▶ YOUR ASSIGNMENT: What follows is a listing to transcribe exactly, leaving the pictures out.

▶ TASK INPUTS:
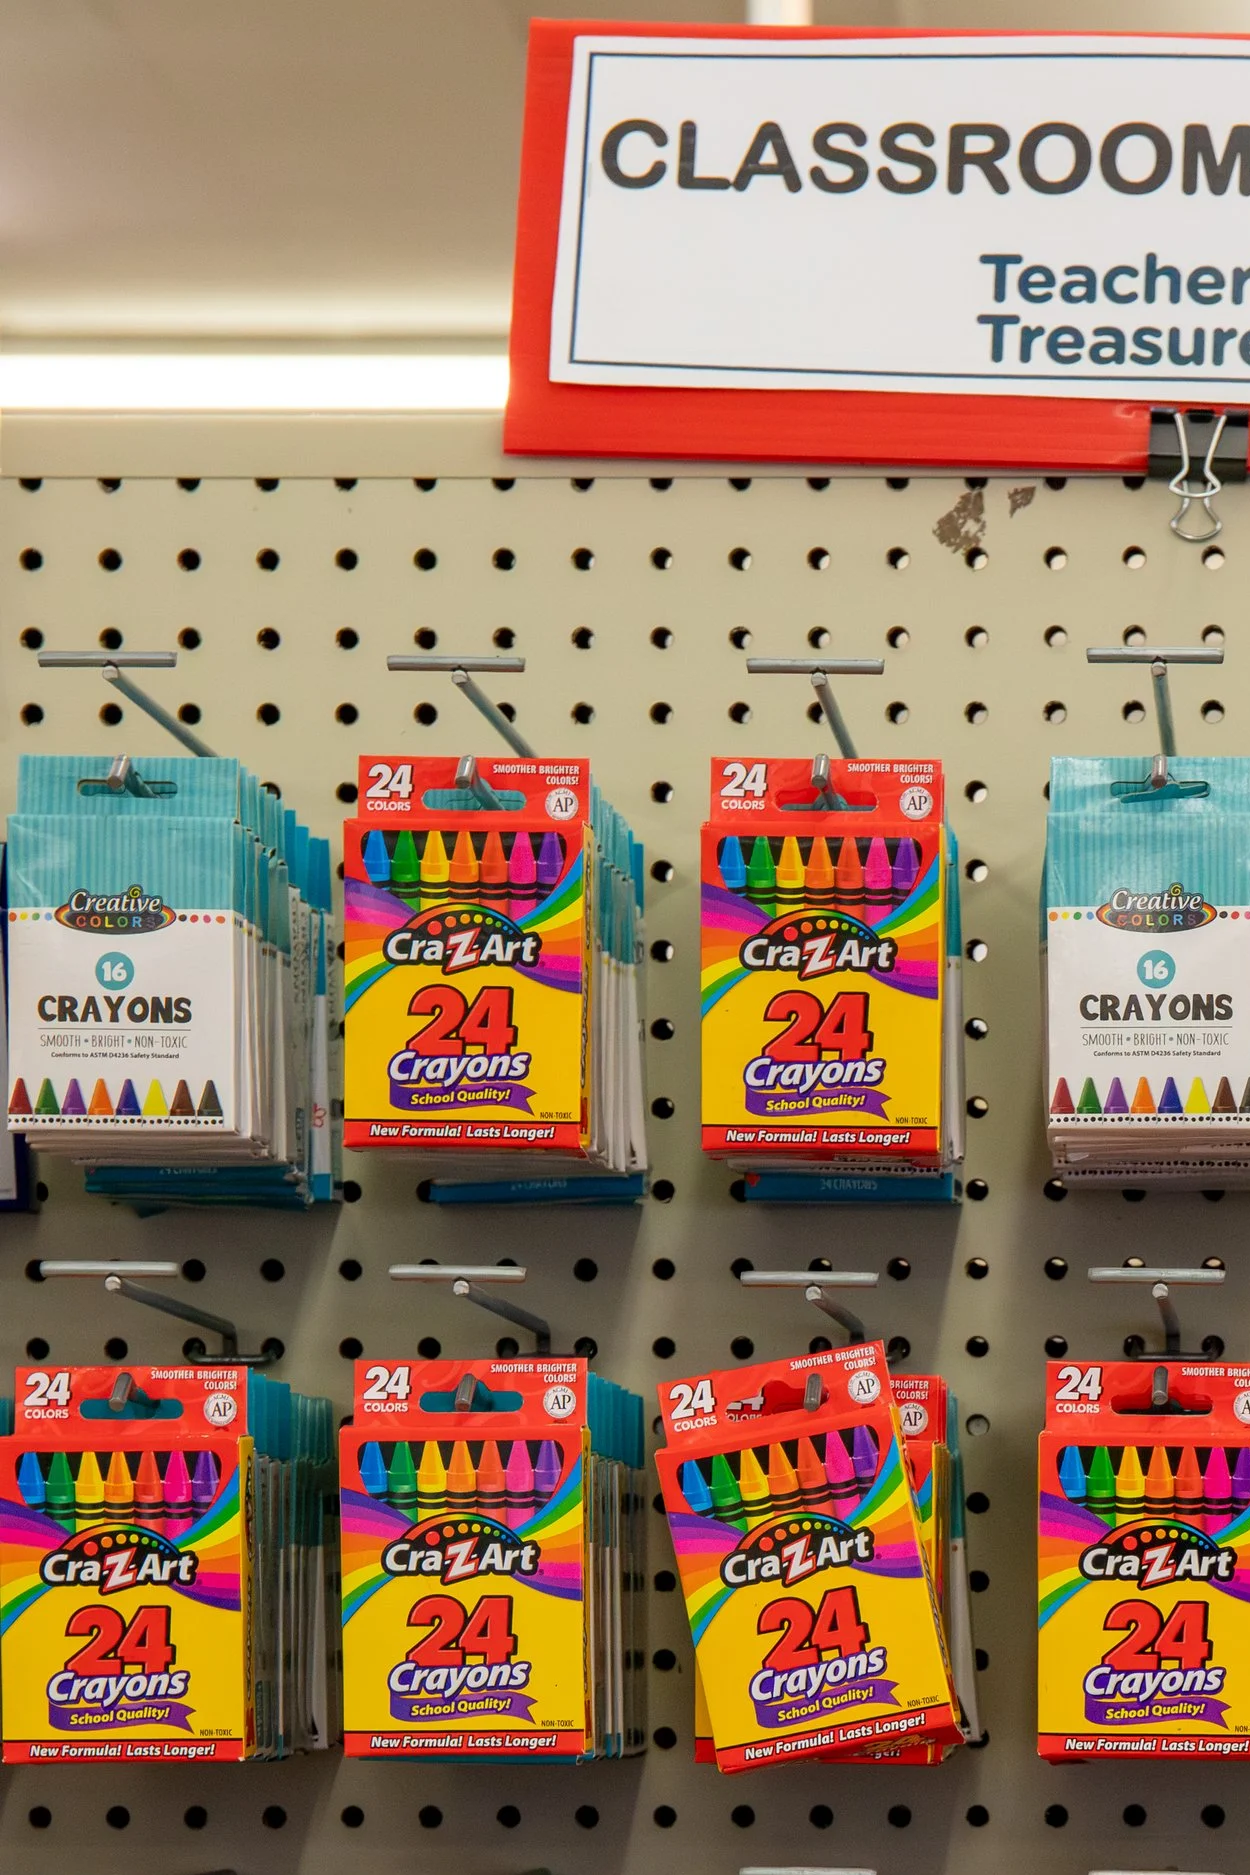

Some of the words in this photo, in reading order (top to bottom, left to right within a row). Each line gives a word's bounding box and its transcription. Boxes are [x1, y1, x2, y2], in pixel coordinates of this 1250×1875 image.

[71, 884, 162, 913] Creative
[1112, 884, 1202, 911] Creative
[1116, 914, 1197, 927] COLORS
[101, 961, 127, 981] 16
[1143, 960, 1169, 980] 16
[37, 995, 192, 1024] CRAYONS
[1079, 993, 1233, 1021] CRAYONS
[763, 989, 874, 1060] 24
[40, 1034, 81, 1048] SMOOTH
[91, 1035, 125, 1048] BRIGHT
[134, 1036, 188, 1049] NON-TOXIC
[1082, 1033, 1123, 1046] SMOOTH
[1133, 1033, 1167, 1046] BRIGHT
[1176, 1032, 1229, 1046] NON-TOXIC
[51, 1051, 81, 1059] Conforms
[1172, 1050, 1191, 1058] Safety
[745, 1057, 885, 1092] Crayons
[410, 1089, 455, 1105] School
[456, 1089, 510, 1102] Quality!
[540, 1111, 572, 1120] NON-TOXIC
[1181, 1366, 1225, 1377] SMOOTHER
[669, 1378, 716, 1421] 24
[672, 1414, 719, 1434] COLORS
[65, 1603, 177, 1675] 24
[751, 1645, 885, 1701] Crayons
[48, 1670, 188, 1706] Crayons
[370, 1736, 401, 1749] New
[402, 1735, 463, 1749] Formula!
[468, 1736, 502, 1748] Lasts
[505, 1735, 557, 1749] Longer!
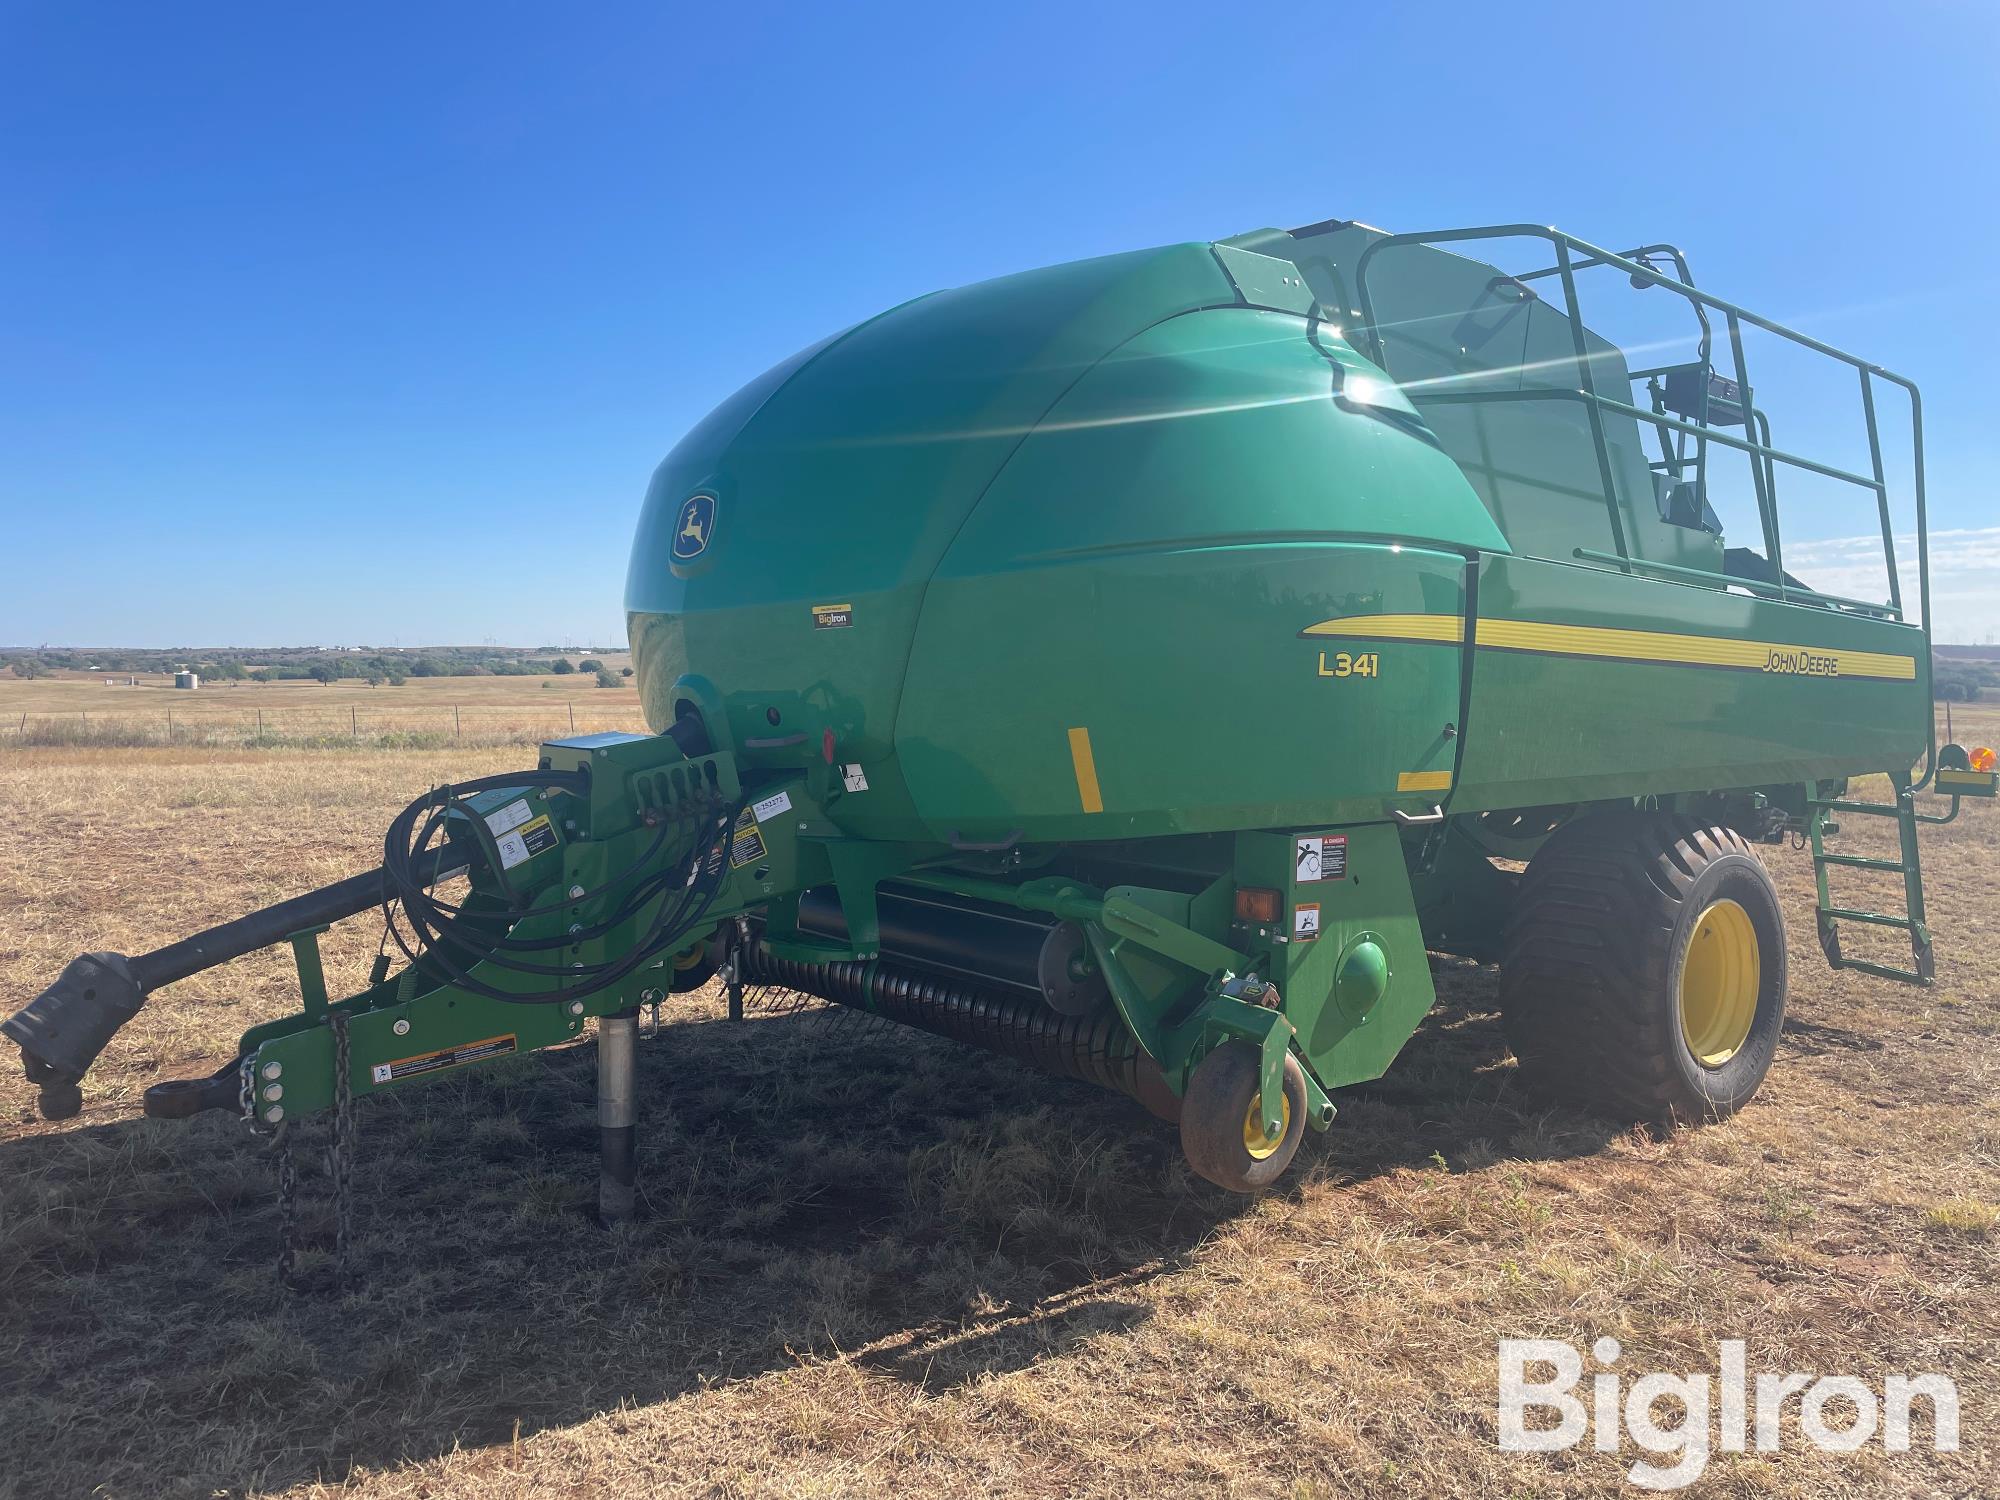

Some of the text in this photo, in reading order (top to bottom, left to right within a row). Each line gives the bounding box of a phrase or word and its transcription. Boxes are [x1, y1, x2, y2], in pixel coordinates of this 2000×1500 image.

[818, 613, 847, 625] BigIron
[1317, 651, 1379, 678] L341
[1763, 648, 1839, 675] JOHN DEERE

▶ TASK OUTPUT:
Some of the words in this photo, in reading order (top to bottom, left to right within a row). Each line gives a word's bounding box and its transcription. Boxes are [x1, y1, x2, y2], in pixel coordinates of this 1250×1875 image.

[71, 884, 162, 913] Creative
[1112, 884, 1202, 911] Creative
[1116, 914, 1197, 927] COLORS
[101, 961, 127, 981] 16
[1143, 960, 1169, 980] 16
[37, 995, 192, 1024] CRAYONS
[1079, 993, 1233, 1021] CRAYONS
[763, 989, 874, 1060] 24
[40, 1034, 81, 1048] SMOOTH
[91, 1035, 125, 1048] BRIGHT
[134, 1036, 188, 1049] NON-TOXIC
[1082, 1033, 1123, 1046] SMOOTH
[1133, 1033, 1167, 1046] BRIGHT
[1176, 1032, 1229, 1046] NON-TOXIC
[51, 1051, 81, 1059] Conforms
[1172, 1050, 1191, 1058] Safety
[745, 1057, 885, 1092] Crayons
[410, 1089, 455, 1105] School
[456, 1089, 510, 1102] Quality!
[540, 1111, 572, 1120] NON-TOXIC
[1181, 1366, 1225, 1377] SMOOTHER
[669, 1378, 716, 1421] 24
[672, 1414, 719, 1434] COLORS
[65, 1603, 177, 1675] 24
[751, 1645, 885, 1701] Crayons
[48, 1670, 188, 1706] Crayons
[370, 1736, 401, 1749] New
[402, 1735, 463, 1749] Formula!
[468, 1736, 502, 1748] Lasts
[505, 1735, 557, 1749] Longer!

Some of the text in this photo, in reading order (top to bottom, left to right within a row). Each line gives the bounding box of a phrase or word and its transcription. Boxes are [x1, y1, x2, y2], in pixel coordinates of this 2000×1500 image.

[818, 613, 847, 625] BigIron
[1317, 651, 1379, 678] L341
[1763, 648, 1839, 675] JOHN DEERE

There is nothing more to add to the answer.